De 'fada verde' a cubismo bêbado: como o sóbrio Picasso levou álcool à arte
A inspiração etílica foi, inclusive, tema da recente exposição Picasso: A Efervescência das Formas , montada na Cité du Vin, espaço dedicado à cultura do vinho em Bordeaux, sul da França.
💥️Do santo ao sexo
Em obras adolescentes de Picasso, influenciadas pelo catolicismo, o álcool aparece representado simbolicamente em temas como a transubstanciação do sangue de Cristo em vinho no rito da eucaristia.
Na maturidade, ele exploraria temas da mitologia greco-romana com uma boa dose de sacanagem, tendo o vinho com a função de transformar ou revelar personalidades e comportamentos.
Ao pisar em Paris pela primeira vez, em 1900, o artista de 19 anos traz a rua e a vida mundana para sua obra. Já rejeitara a academia formal, trocando as aulas na Real Academia de San Fernando, em Madri, que considerava enfadonhas, pelo burburinho dos cafés e dos prostíbulos.
Preferiu continuar sua educação artística em visitas ao Museu do Prado, analisando composições de mestres espanhóis como Goya, El Greco e Velázquez.
💥️ Fada verde
O absinto, bebida da moda na virada de século, surge em várias telas do período, conhecido como fase azul. Há diversos bebedores e bebedoras de absinto nas obras da época, figuras absortas, sonolentas e solitárias a olhar para o nada.

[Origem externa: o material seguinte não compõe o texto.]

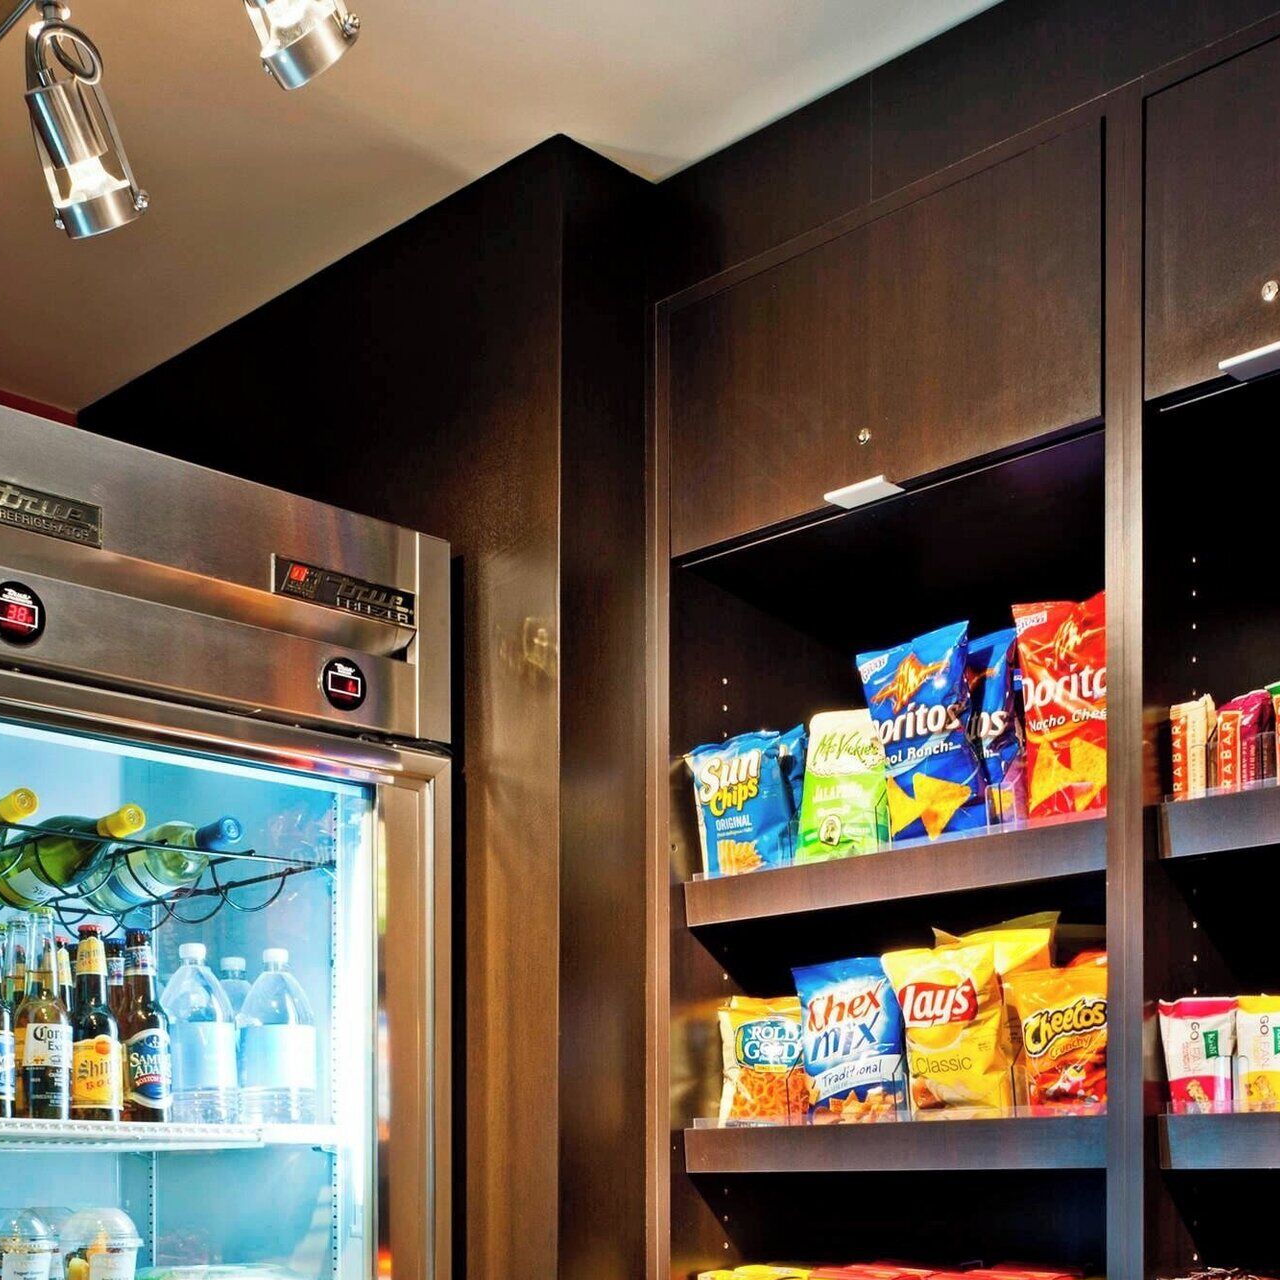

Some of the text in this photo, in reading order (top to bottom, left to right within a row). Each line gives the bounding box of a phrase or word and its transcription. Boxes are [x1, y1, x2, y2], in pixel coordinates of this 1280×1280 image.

O destilado verde já havia servido de motivo para Degas, Manet e Lautrec. A Picasso interessava retratar o desencanto das pessoas esquecidas nos cafés, durante o ciclo mais melancólico de sua arte.
Este destilado conhecido como fada verde , de alto teor alcoólico, causava debate entre sociedade e autoridades, acusado de atiçar alucinações, morbidade e degradação. Enquanto não era proibido (o que aconteceu em 1915, nos Estados Unidos e em vários países da Europa), o absinto foi sorvido por fãs como Baudelaire, Van Gogh, Rimbaud, Hemingway, Proust, Modigliani e Picasso. Uma turma da pesada.
💥️Cubismo bêbado
A década de 1910 representa uma ruptura na trajetória de Picasso e uma fissura na história da arte, com as experiências que formulou ao lado de um novo amigo, Georges Braque, após decidir trocar definitivamente a Espanha pela França. A dupla desafiava o academicismo, ultrajava o bom gosto burguês e estava disposta a quebrar as barreiras da percepção.
A ousadia de apresentar múltiplos pontos de vista de um objeto na tela, embaralhando a ótica e o cérebro, já havia sido testada por Picasso em 1907, na célebre Les Demoiselles d'Avignon . A nova onda, geométrica e fragmentada, seria chamada de cubismo e, nos seus primórdios, desconcertou crítica e público.
A relação com Braque foi radical e fundamental para Picasso, que trouxe cada vez mais a rua e os objetos corriqueiros para as telas.
Embalagens, maços de cigarros, cartões de visitas, recortes de jornal, anúncios publicitários, cordas, cartas de baralho, barbantes e outros elementos foram abundantamente empregados em uma série de colagens do período.
Picasso trazia à sua arte o lufa-lufa dos cafés parisienses e da cidade, em sua visão bêbada e frenética do ambiente. No fragor etílico do momento, vários rótulos de bebidas da época foram representados nessas colagens, como Pernod, Anis del Mono, Suze, Hennessy, Bass e garrafas genéricas identificadas como rum, vinho ou marc, estilo francês de destilado de uva.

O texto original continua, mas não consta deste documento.